5: Regarding the sentence: "Though the elevated position armed them with a strategic advantage, the withering brush provided minimal concealment." I think this avoids telling as it would be logical for the primary character to be thinking in these terms. Do you agree?

Yes. Again, the POV style and narrative distance also supports this.

6: Regarding the phrase: "His hand floated to the hilt..." I am not one of those authors opposed to writing in the style of the "disembodied body part". What are your thoughts on this?
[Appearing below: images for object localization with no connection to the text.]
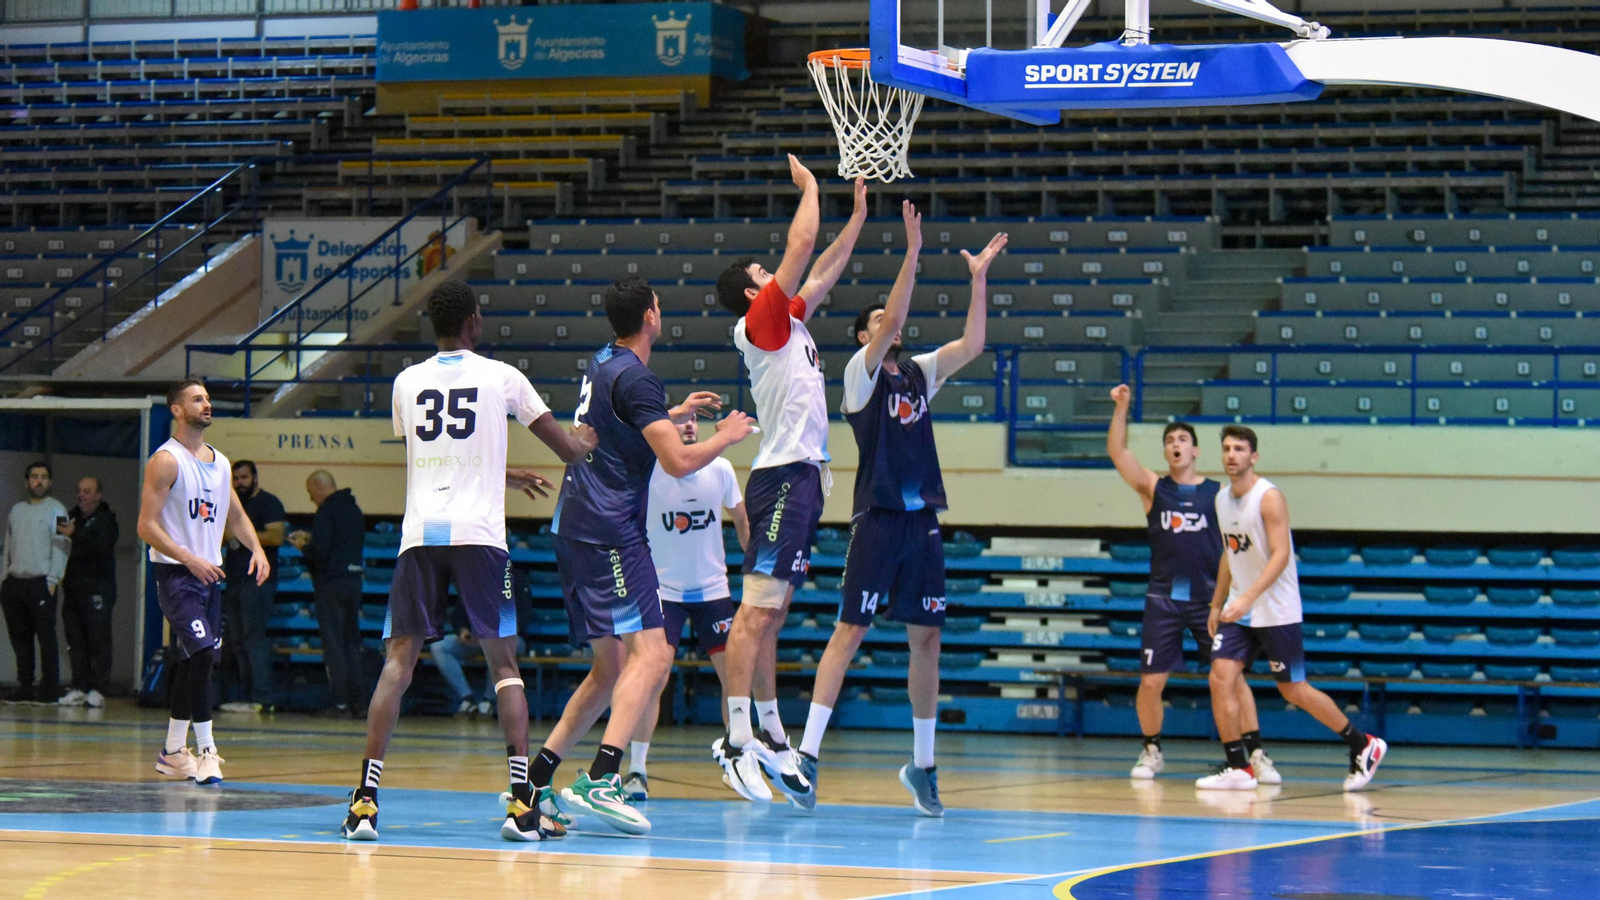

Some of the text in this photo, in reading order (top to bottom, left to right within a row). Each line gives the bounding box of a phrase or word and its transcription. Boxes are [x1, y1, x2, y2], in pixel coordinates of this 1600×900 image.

[534, 36, 606, 49] Ayuntamiento
[393, 51, 449, 66] Algeciras
[548, 48, 605, 62] Algeciras
[415, 387, 478, 441] 35
[278, 433, 355, 449] PRENSA
[661, 509, 716, 534] UDEA
[1160, 510, 1208, 533] UDEA
[861, 591, 879, 614] 14
[922, 597, 946, 613] UDE
[191, 619, 206, 639] 9
[1144, 648, 1154, 666] 7
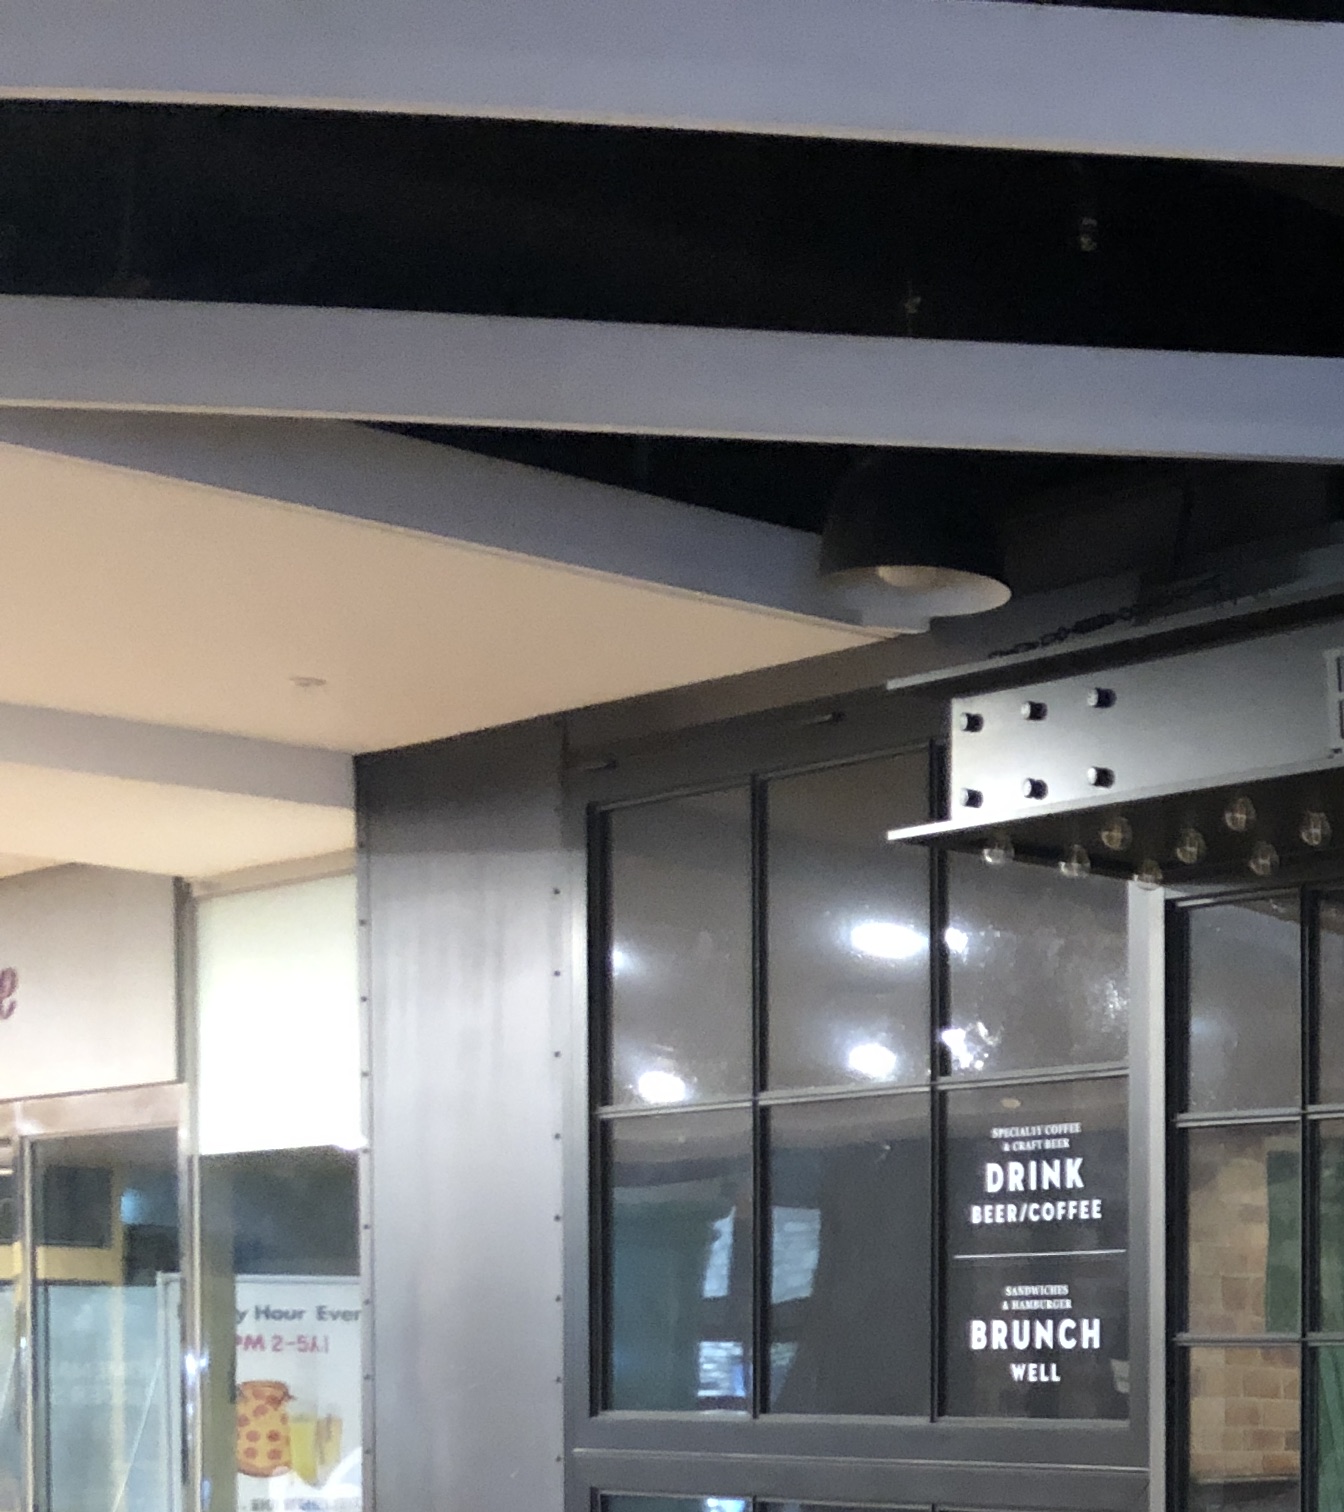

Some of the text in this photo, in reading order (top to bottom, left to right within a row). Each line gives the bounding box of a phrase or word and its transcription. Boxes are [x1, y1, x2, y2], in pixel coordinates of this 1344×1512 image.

[991, 1122, 1081, 1138] SPECIALTY COFFEE
[1012, 1140, 1042, 1151] CRAFT
[1044, 1138, 1070, 1149] BEER
[986, 1158, 1084, 1192] DRINK
[971, 1199, 1102, 1223] BEER/COFFEE
[1005, 1285, 1069, 1296] SANDWICHES
[1011, 1299, 1072, 1310] HAMBURGER
[254, 1305, 305, 1321] Hour
[971, 1319, 1100, 1349] BRUNCH
[1010, 1363, 1061, 1382] WELL
Your call. It didn’t yank me out of the narrative, so I had no issue with it. A disembodied body part is a problem only when it creates funny lines or distracts from the story. It’s something to be aware of, but it’s fine to use them as long as they work.

(Here’s more on the problems with disembodied body parts)

7: Is the setting clear?

A coffee orchard in a fantasy world. There’s not a lot of time here to fully set the scene, but it’s enough to give me a sense of where they are. I wanted a little more context in the opening line to help set the scene though. I have no idea who’s speaking or what the line means.
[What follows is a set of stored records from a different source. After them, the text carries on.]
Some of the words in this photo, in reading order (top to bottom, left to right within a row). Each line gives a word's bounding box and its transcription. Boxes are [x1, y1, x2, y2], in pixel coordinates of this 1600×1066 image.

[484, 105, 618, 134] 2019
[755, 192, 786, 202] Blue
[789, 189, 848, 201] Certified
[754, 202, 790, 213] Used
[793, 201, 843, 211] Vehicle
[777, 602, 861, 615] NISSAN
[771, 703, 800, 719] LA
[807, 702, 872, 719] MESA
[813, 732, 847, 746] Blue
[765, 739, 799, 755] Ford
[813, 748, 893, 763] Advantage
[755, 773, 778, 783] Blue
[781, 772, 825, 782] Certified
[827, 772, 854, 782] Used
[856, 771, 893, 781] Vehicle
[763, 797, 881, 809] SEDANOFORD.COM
8: Have I succeeded in adding in enough conflict? (Conflict between the two characters and also the pending conflict with whatever is lurking in the orchard)

The character conflict is fairly minor (Arusha seems more annoyed at his friend than in actual conflict), but I do get a sense of something about to happen and a problem about to appear. I don’t see any goal, and without a goal it’s hard to see the conflict to that goal. But the potential for both is here.

9: Do the characters feel real?

I haven’t seen enough of them to really tell (readers chime in here). They feel like fantasy characters—a little stiff and formal. Arusha’s internalization makes him a bit more personable, but I still don’t know much about him. There’s nothing here that makes them feel two dimensional though.

10: Do you feel tension/danger at the end?

Yes. I don’t know the details, but I suspect an attack of some type, even if it’s on a small scale. Can Arusha alert someone before the bad guys get there?

11: Any other Show, Don't Tell opportunities?

Not really. Nothing stood out as told for this POV.

Overall, this read like an epic fantasy opening and fits the genre well. There’s a hook to draw readers in and enough mystery to pique curiosity.

Thanks to our brave volunteer for submitting this for me to play with. I hope they–and others–find it helpful. I don’t do a full critique on these, (just as it pertains to the questions) and I encourage you to comment and make suggestions of your own. Just remember that these pieces are works in progress (many by new writers), not polished drafts, so be nice and offer constructive feedback.